On Wed, Nov 03, 2004 at 12:18:32AM +0100, Måns Rullgård wrote:
> > Or else, his is a derivative work of whichever one he makes use of.
> > If he ships with one of them, his intention seems to be clear.
> >
> > I don't see how that is logically inconsistent.
> 
> It's all about causality.  Consider two scenarios, both involving
> three programs, A, B and C.
> 
> Scenario 1:
> Scenario 2:

I understood your argument before.

What I mean to say is, if he ships with one of them and performed his
development and testing with the same one, that would seem to at least
indicate his intentions.

It's about which of the two implementations he picks to combine his released
work with. I propose that if he shipped his work combined with mine, and
required it to operate, that release would be derivative work---not a mere
aggregation. Therefore, he would be violating the GPL and thus my copyright.

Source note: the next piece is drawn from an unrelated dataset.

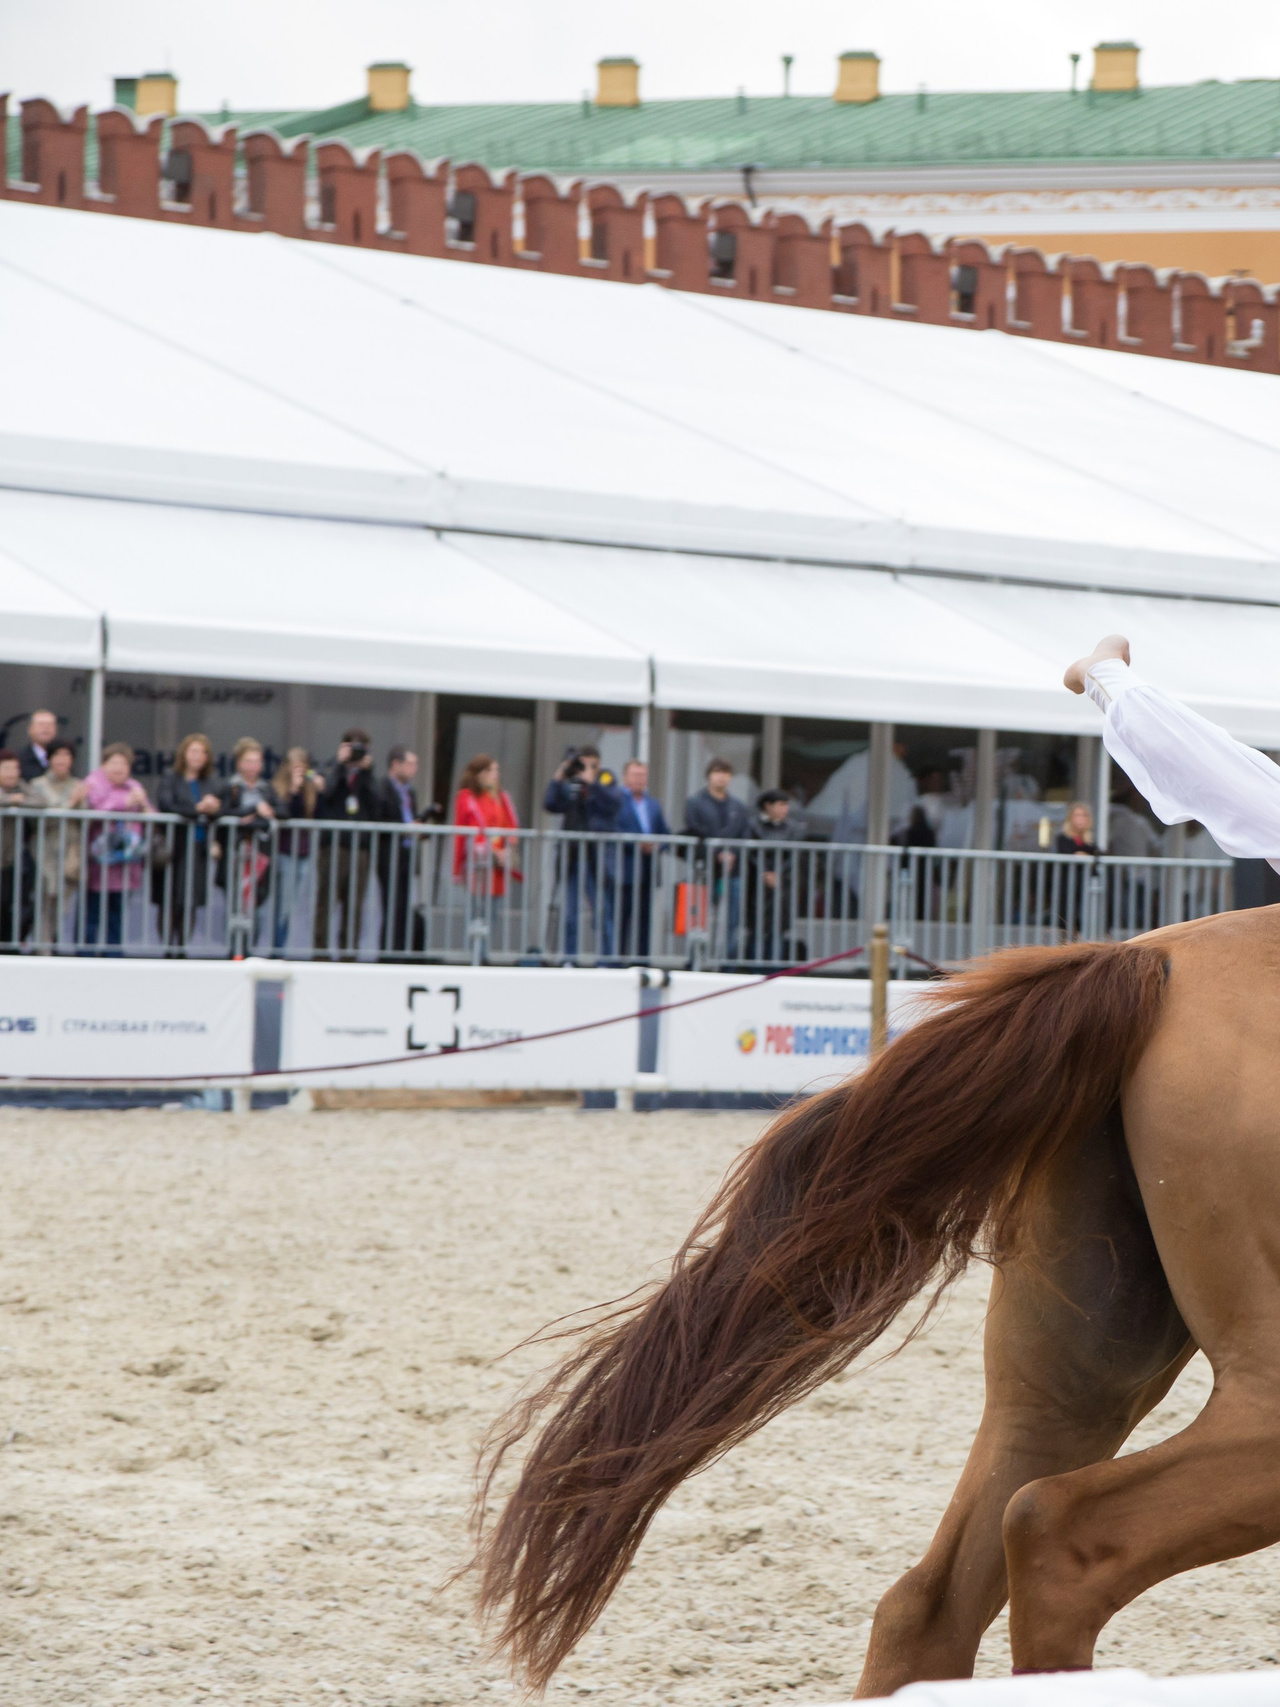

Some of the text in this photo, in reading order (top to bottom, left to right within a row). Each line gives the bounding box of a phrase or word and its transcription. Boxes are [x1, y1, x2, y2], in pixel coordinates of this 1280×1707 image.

[71, 677, 195, 702] ГЕРАЛЬНЫЙ
[62, 1019, 208, 1033] СТРАХОВАЯ ГРУППА

If he shipped his client without combining it with a particular
implementation and left it up to the user to perform this, I have no 
opinion if this is permitted or not. It probably is.

This is because: the user can obtain a copy of my library and can do
whatever he likes with it as long as he doesn't distribute it. Therefore,
he can also combine it with Mr. Wontshare's client.

> In both cases, we have in the end an identical set of programs, and the
> derivedness relations between them must also be equal.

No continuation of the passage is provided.